Air drying of hardwoods

      Basic information, and where to find more of it, on air-drying green lumber. 1998.

by Professor Gene Wengert

Q.
The factory is using 30 m3 of hardwood per month. The types of hardwoods used are: teak, acajou, and iroco. Thickness varies from 30 to 80 mm.

Is there a method using open air drying to get the humidity of the wood from 60-65% down to 30%? They have about 4 to 5 months time for this part of the drying process. The relative air humidity in Togo is on average 70 to 80%. The air temperature during daytime is 35 to 40 degrees Celsius.

A.
Your question and comments have led me to believe that you are confusing moisture content of the wood and the relative humidity of the air.

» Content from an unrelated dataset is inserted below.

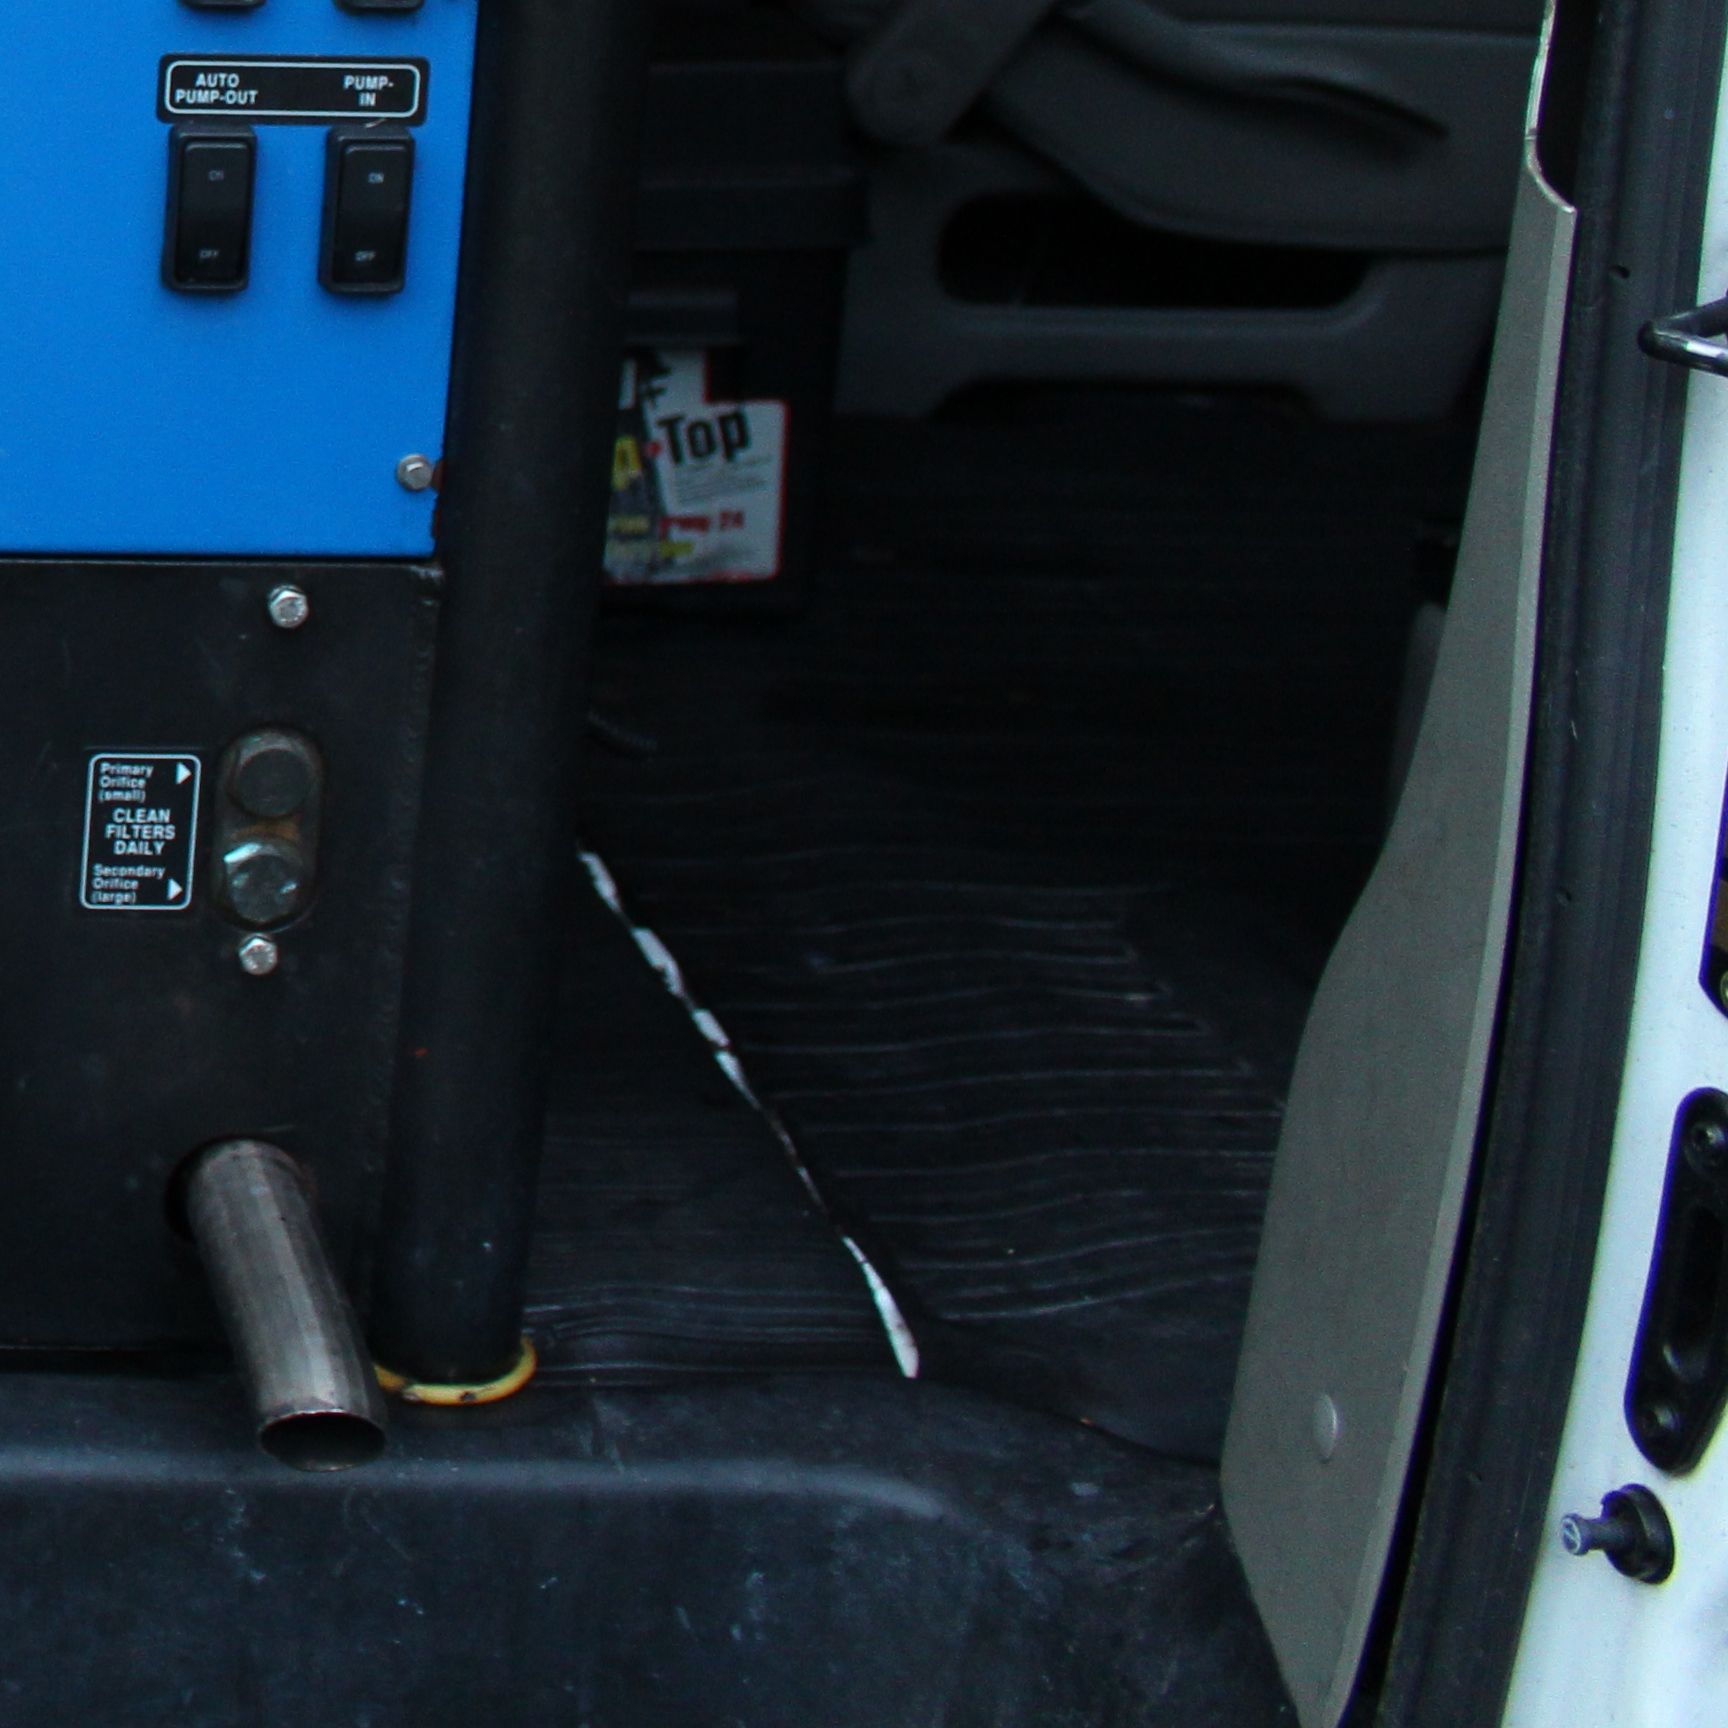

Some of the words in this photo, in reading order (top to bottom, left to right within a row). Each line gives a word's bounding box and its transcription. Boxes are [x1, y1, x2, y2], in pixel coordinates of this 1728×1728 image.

A RH of 80% (typical of islands) is equal to 16% MC; and 65% RH is 12% MC.

Your question is about air drying being able to reduce the MC of wood down to 30% MC. Yes, standard air drying will reduce the MC to about 25% MC in several months (inch thick lumber) and over a long enough time period, eventually to 16% MC. The key is to keep the rain off the lumber. In the rain, the lumber will dry too slowly and be subject to mold, decay, warp, discoloration, and so on.

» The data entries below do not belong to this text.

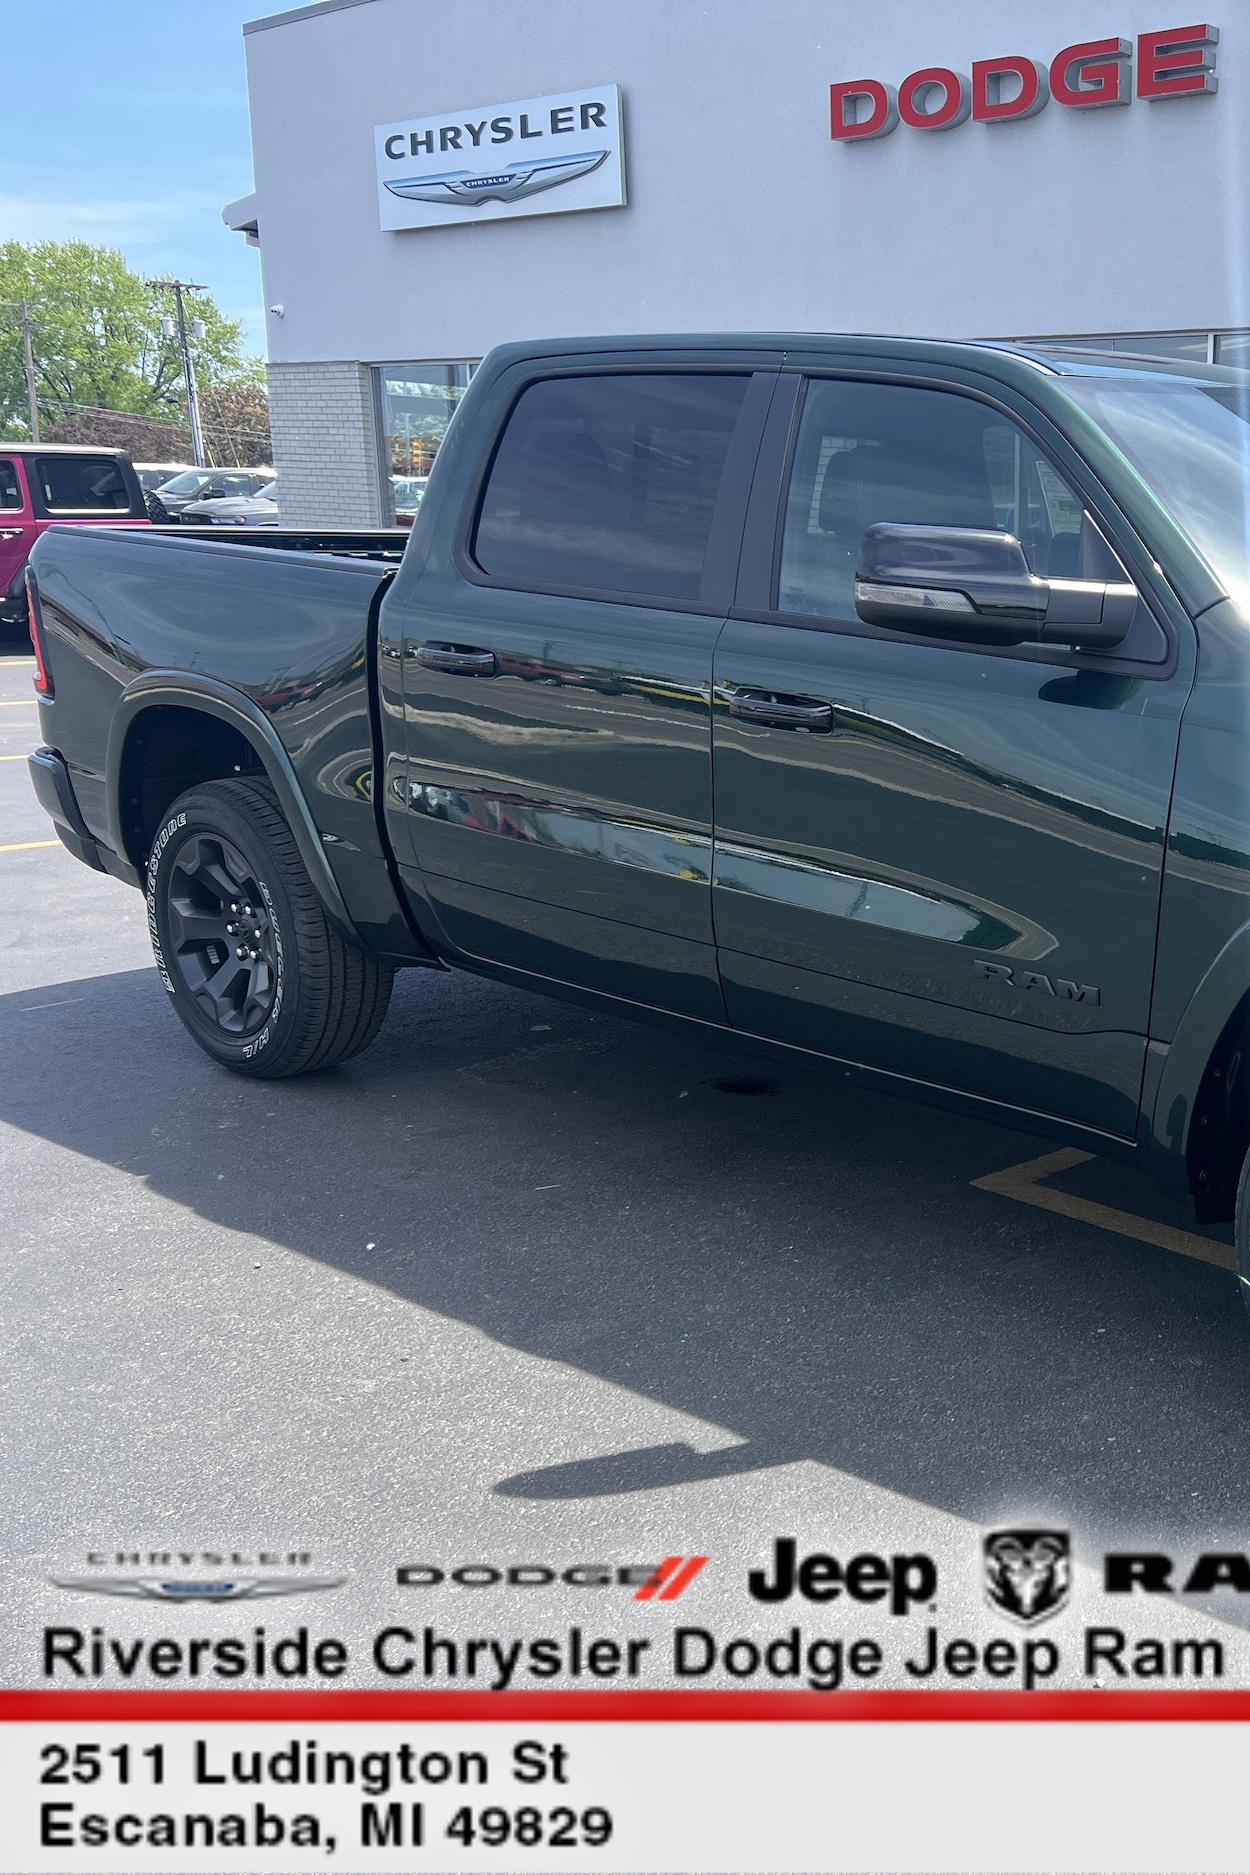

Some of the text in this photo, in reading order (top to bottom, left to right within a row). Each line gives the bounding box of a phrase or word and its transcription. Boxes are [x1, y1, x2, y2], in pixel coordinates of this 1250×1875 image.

[828, 23, 1219, 142] DODGE
[384, 102, 607, 160] CHRYSLER
[466, 176, 510, 187] CHRYSLER
[147, 812, 187, 993] BRIDGESTONE
[242, 881, 285, 1058] DUELER H/L
[973, 958, 1101, 1007] RAM

Does this help? There is an old publication from the US Department of Agriculture, Forest Products Lab about air drying. You might find the information helpful. It is out of print, but if you have access to the WWW, try to search for Powell's Book store in Portland, OR which has old used books about wood.

Professor Gene Wengert is Extension Specialist in Wood Processing at the Department of Forestry, University of Wisconsin-Madison.